What this task involves: Repeat nothing but the line containing "this 2212×1659 image." and the lines that follow it, up to and including the last line of the data below.

···

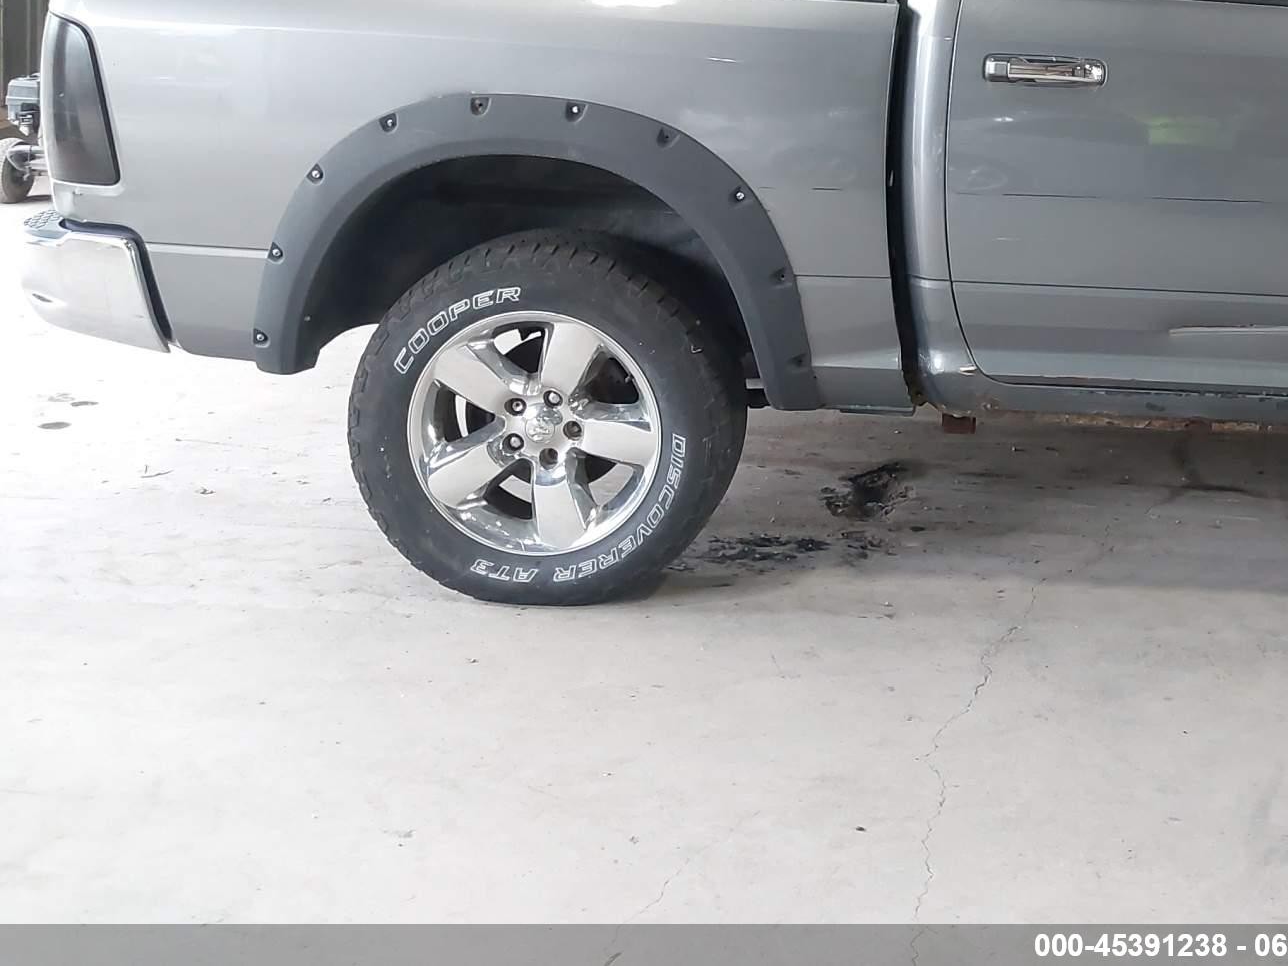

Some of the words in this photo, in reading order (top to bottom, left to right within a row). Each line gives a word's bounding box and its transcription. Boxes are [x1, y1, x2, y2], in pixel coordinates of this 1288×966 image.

[393, 286, 522, 375] COOPER
[552, 433, 687, 583] DISCOVERER
[470, 558, 539, 583] AT3
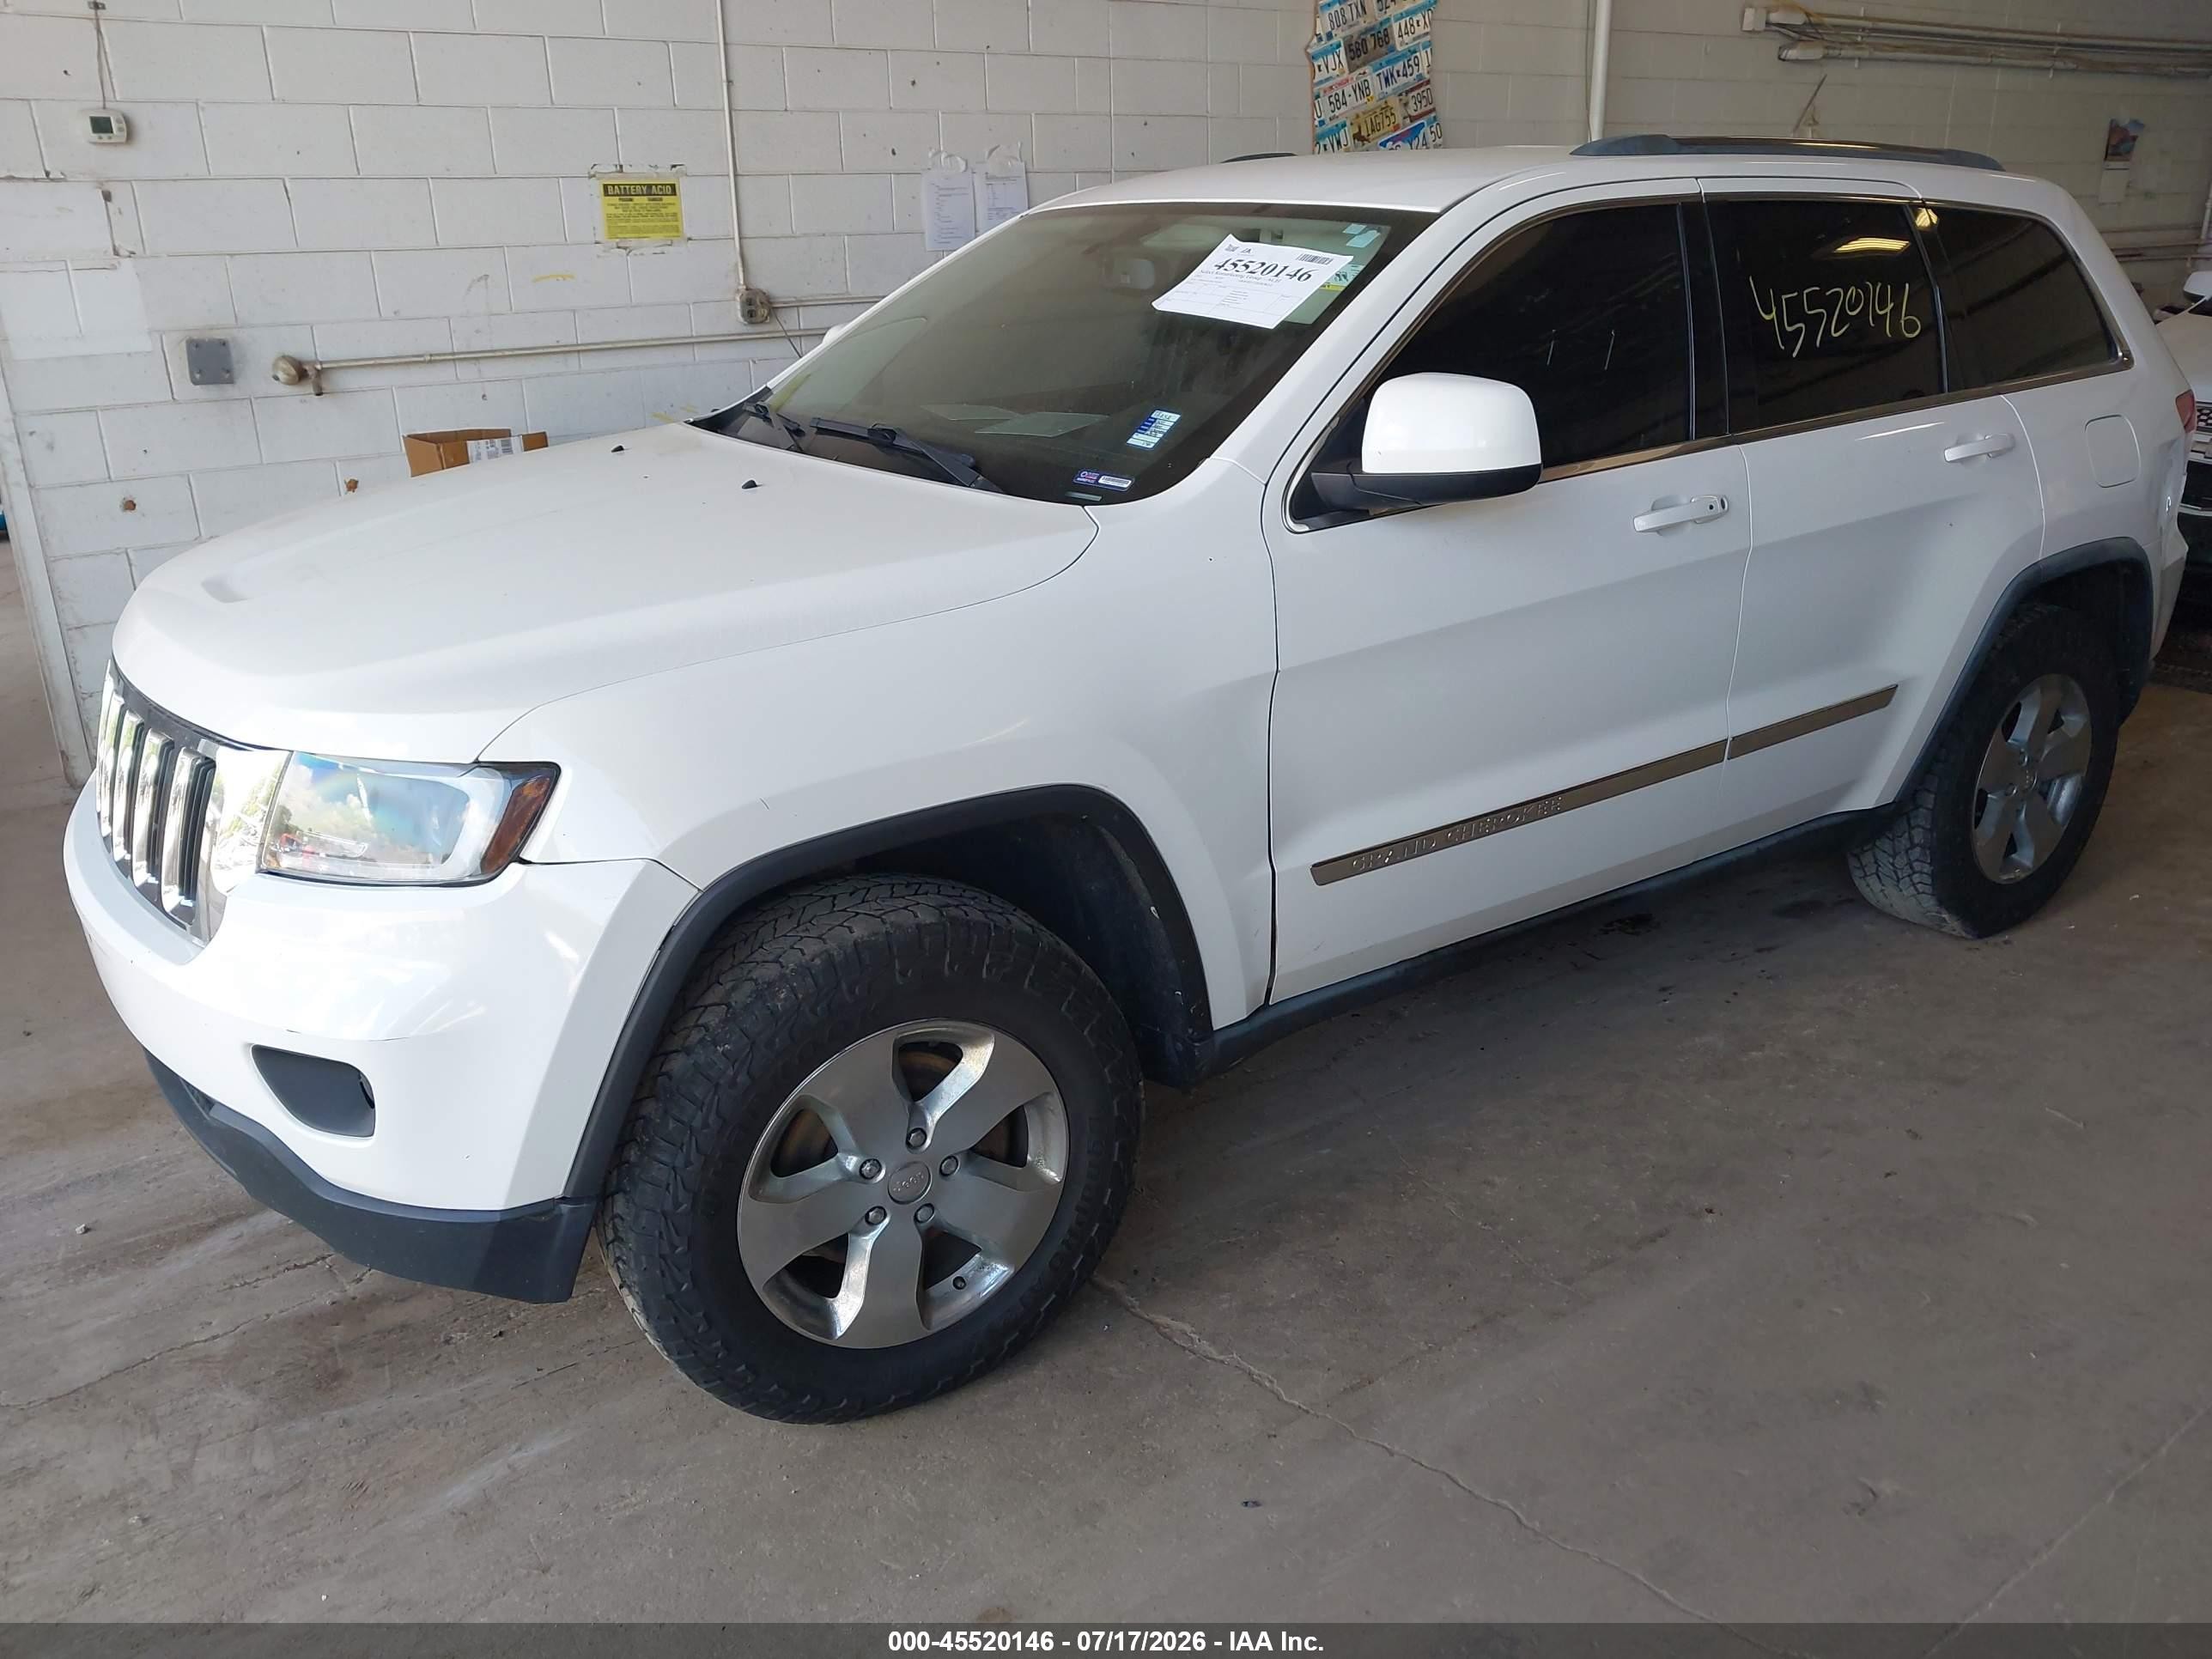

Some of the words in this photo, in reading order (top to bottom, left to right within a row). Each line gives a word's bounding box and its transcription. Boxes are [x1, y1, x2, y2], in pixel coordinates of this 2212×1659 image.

[1411, 88, 1433, 112] 3950
[607, 185, 647, 195] BATTERY
[651, 185, 672, 195] ACID
[1213, 257, 1321, 283] 45520146
[1748, 275, 1923, 358] 45520146

···

Answer for the task:
Some of the words in this photo, in reading order (top to bottom, left to right within a row). Each line gives a word's bounding box and its transcription. Boxes are [x1, y1, x2, y2], in pixel coordinates of this 2212×1659 image.

[1411, 88, 1433, 112] 3950
[607, 185, 647, 195] BATTERY
[651, 185, 672, 195] ACID
[1213, 257, 1321, 283] 45520146
[1748, 275, 1923, 358] 45520146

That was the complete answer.